▶ _Material supplied_
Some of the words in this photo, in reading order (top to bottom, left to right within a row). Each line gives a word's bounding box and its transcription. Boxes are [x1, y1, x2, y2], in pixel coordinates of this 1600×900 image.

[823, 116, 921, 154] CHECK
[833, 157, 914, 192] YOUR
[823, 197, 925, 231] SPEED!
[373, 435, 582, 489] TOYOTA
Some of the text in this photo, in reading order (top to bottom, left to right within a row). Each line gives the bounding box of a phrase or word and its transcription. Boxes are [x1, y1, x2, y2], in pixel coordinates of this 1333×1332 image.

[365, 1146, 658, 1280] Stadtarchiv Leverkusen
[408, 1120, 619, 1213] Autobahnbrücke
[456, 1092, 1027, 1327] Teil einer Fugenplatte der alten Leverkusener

▶ _What this task involves_
Retype the entries in full. Keep every line identical.

▶ _Answer below_
Some of the words in this photo, in reading order (top to bottom, left to right within a row). Each line gives a word's bounding box and its transcription. Boxes are [x1, y1, x2, y2], in pixel coordinates of this 1600×900 image.

[823, 116, 921, 154] CHECK
[833, 157, 914, 192] YOUR
[823, 197, 925, 231] SPEED!
[373, 435, 582, 489] TOYOTA
Some of the text in this photo, in reading order (top to bottom, left to right within a row). Each line gives the bounding box of a phrase or word and its transcription. Boxes are [x1, y1, x2, y2], in pixel coordinates of this 1333×1332 image.

[365, 1146, 658, 1280] Stadtarchiv Leverkusen
[408, 1120, 619, 1213] Autobahnbrücke
[456, 1092, 1027, 1327] Teil einer Fugenplatte der alten Leverkusener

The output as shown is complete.